A novel. Sure you are.

You can’t believe how relieved I was when ‘The Kazillion Wish was accepted to be published, giving me a gardening ‘Get Out Of Jail Free’ card that I could never have hoped for. ‘See,’ I told poor, long-suffering Anna, ‘I WASN’T being self-indulgent/wasting my time.’

Which was a total lie.

Like I said, lucky.

Taking a face-off for The Braves. Pic Luke Milkovic.

Taking a face-off for The Braves. Pic Luke Milkovic.

A few years later, I was living in Fern Cottage, Freeman Street, Fitzroy North, which fast became an ironically-named house as the backyard became nothing but weeds. Some were literally higher than my head. I’m not sure when the word ‘weed’ becomes ‘tree’, but this must have been close.

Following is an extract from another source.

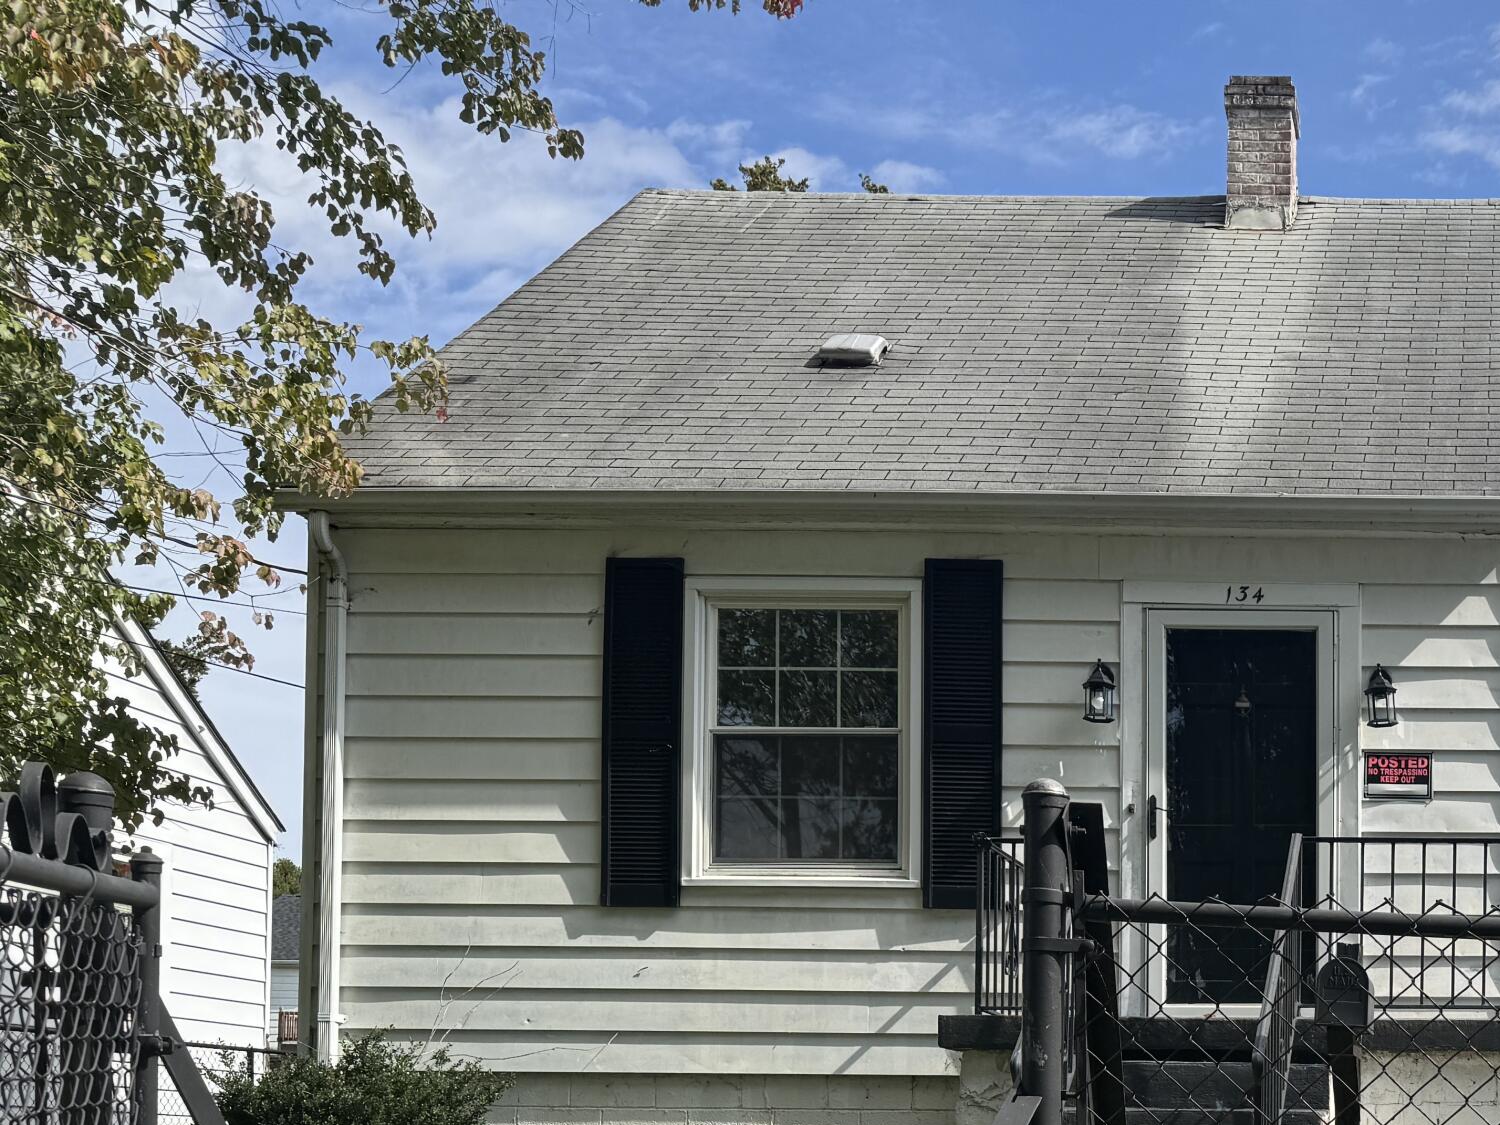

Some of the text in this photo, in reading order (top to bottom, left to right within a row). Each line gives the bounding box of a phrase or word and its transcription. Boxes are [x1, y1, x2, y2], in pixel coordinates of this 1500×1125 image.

[1226, 585, 1264, 604] 134
[1368, 756, 1428, 768] POSTED
[1381, 768, 1428, 776] TRESPASSING

Occasionally I’d hire someone to nuke the entire backyard, ripping out everything but the few battered, half-strangled bushes that were clearly meant to be there. Pleasingly now mostly concrete, the backyard would immediately start to mutate again as I put my Jedi Non-Gardening Powers to use, writing or watching hockey on TV.

All of this meant my partner now, Chloe, was quite reasonably nervous at raising the idea of installing planter boxes on the deck of our new house. I did my bit by swearing a lot and sweating, while lugging two huge wooden boxes up the steep stairs to the rooftop deck, dodgy knee and all. I helped lug soil up the same stairs and then poured it all into the boxes.

But it was clear that I was not burning to nurture the plants, to be at one with this boxed nature.

Yet here they now sat, little fledgling strawberry plants, lettuce, passionfruit, zucchini, herbs and tomatoes. Being liberally bombed with random water attacks from Melbourne’s weather or maybe an enthusiastic five-year-old, who also considered it necessary to water the dog, the sky (look out below, walkers) and anything else within reach of the hose. And most mornings, the five-year-old would charge to the window and sigh, because giant plants hadn’t magically bloomed overnight. Things grow by increments, which can be a hard concept when you are five, or even when you’re a lot more than five, like me.

I got on with life.

Especially training, where I am finally dangerously close to full health. I’ve been doing Fluid workouts with Lliam, and it rocks. Crazy, diverse training like cracking giant ropes, or throwing sandbag balls to the ground as hard as I can, and endless lunges and squats, hoping my knee will hold (it mostly has). Explosive, intense workouts unlike training I’ve done before and leaving my legs, glutes and guts heavy with exhaustion. You don’t even want to know what The Torsonator is. But believe me, it’s nasty.

The dodgy left knee occasionally yelps when I climb stairs or once during a hockey game, but mostly it’s coping. Every session I complete makes everything around the meniscal tear stronger, and hopefully moves me further away from this injury. Wednesday nights at Dev League, another Lliam client, Jimmy Oliver, and I creak onto the ice, groaning with aching legs and exchanging knowing grimaces and grins before we even start. I love it.

And my back and upper body are getting a whole new workout, along with my skating muscles, which I’m really enjoying. I can feel it all helping my skating, as I gain more and more power in my stride. Not to say I’m not still proppy compared to the dream skaters in summer league’s midst, but at least I’m not hobbled like I was a couple of months ago. Touch wood.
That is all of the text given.